The Health Foundation’s new inquiry, published on 6 July reveal working age adults in England’s most disadvantaged areas were almost four times more likely to die from COVID-19 than those in the wealthiest areas.
The inquiry gathered extensive evidence of the impact of social determinants of health on COVID-19 death rates. Existing poor health, reflecting wider inequalities in people’s circumstances, put people at higher risk of death once exposed to the virus. Factors including type and quality of work, housing conditions, and access to financial support to self-isolate all contributed to increased exposure to the virus among working age adults.
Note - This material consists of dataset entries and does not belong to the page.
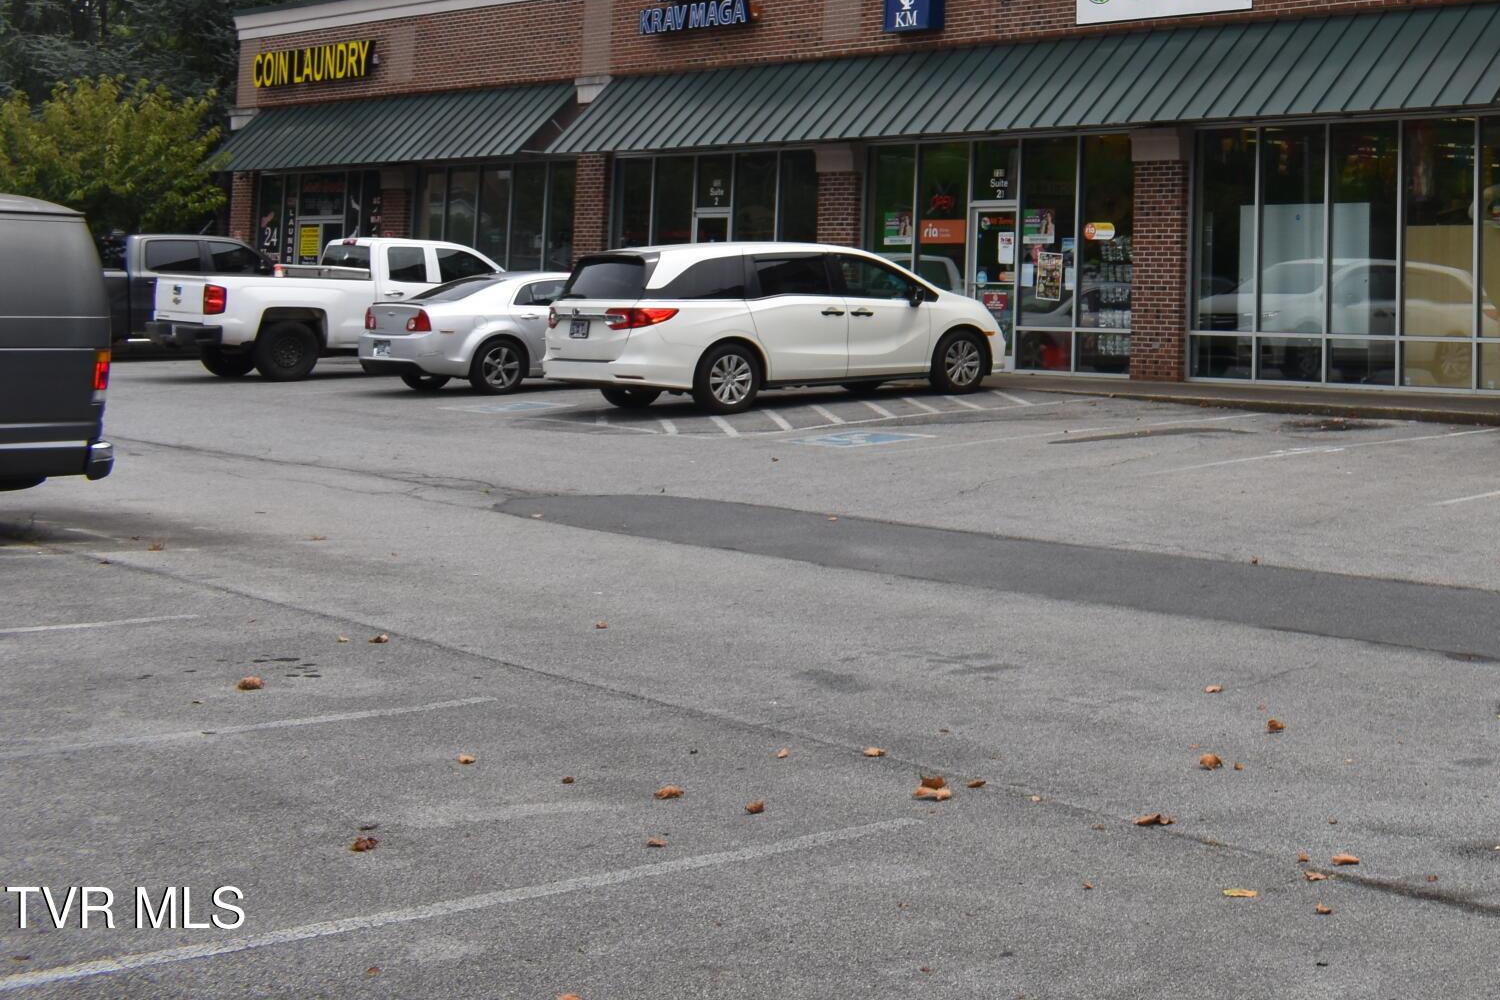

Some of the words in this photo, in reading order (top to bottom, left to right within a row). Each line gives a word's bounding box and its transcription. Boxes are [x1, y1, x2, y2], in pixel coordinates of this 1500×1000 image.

[639, 3, 688, 34] KRAV
[895, 10, 918, 28] KM
[253, 51, 289, 88] COIN
[293, 40, 370, 83] LAUNDRY
[264, 227, 278, 246] 24
[286, 209, 295, 263] LAUNDR
[923, 223, 939, 238] ria
The inquiry also explored the disproportionate impact of the pandemic across certain groups. People from ethnic minority communities, young people, those suffering from mental health conditions and disabled people in particular experienced worsening and compounding inequalities, increasing their exposure to COVID-19 and threatening their future health. People’s Health Trust’s upcoming report on the impact of the pandemic in the communities we invest in has also found that similar groups have been disproportionately affected in a number of ways.
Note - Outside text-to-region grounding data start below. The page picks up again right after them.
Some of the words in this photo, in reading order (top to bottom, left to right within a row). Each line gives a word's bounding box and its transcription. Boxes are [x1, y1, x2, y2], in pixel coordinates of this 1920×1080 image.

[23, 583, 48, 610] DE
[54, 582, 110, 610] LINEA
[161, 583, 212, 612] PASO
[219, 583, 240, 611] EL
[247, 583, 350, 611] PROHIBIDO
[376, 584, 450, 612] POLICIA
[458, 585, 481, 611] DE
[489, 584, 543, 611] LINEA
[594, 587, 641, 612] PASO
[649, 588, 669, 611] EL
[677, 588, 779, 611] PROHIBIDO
Jo Bibby, Director of the Health Foundation, said:
“Government must address the root causes of poor health and invest in jobs, housing, education and communities. This is the only way to create a healthier society that can meet the challenge ahead and better withstand future crises.”
Dame Clare Moriarty, Chair of the COVID-19 Impact Inquiry, and (now) Chief Executive of Citizens Advice added:
“We need to aim for a recovery that builds economic and social resilience, with ‘levelling up’ not limited to geographical areas of disadvantage but that addresses the needs of groups who have experienced the most damaging impacts of the pandemic.”
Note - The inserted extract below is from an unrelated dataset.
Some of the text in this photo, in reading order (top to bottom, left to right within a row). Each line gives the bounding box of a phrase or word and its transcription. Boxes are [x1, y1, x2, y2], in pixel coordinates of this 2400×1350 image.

The inquiry also explored areas of opportunity to improve health that have emerged during the pandemic and recognised the role of community organisations in building resilience and strengthening local communities. The research found increased public awareness of pre-existing inequalities and the disproportionate effect they have on the lives of some groups, as well as support for addressing health inequalities as an important part of the government’s role in recovery. Eight in ten people in the UK agree that government must address the unequal health outcomes between those living in richer and poorer areas. There must now be a concerted effort to ensure the recovery improves health, as well as the economy.
People’s Health Trust joins the Health Foundation in calling for a cross-government health inequalities strategy with explicit targets for improvement, a comprehensive set of metrics and an independent body to assess progress. We must take action now to address the immediate affects of the pandemic in the short term, address the systemic inequalities exposed by COVID and create a fairer, healthier society.
People’s Health Trust will be publishing our latest report on the impact of the pandemic on our funded partners, who work in communities experiencing disadvantage and inequality across Great Britain later this month.
The Trust gave evidence to the inquiry informed by the experiences of our funded partners.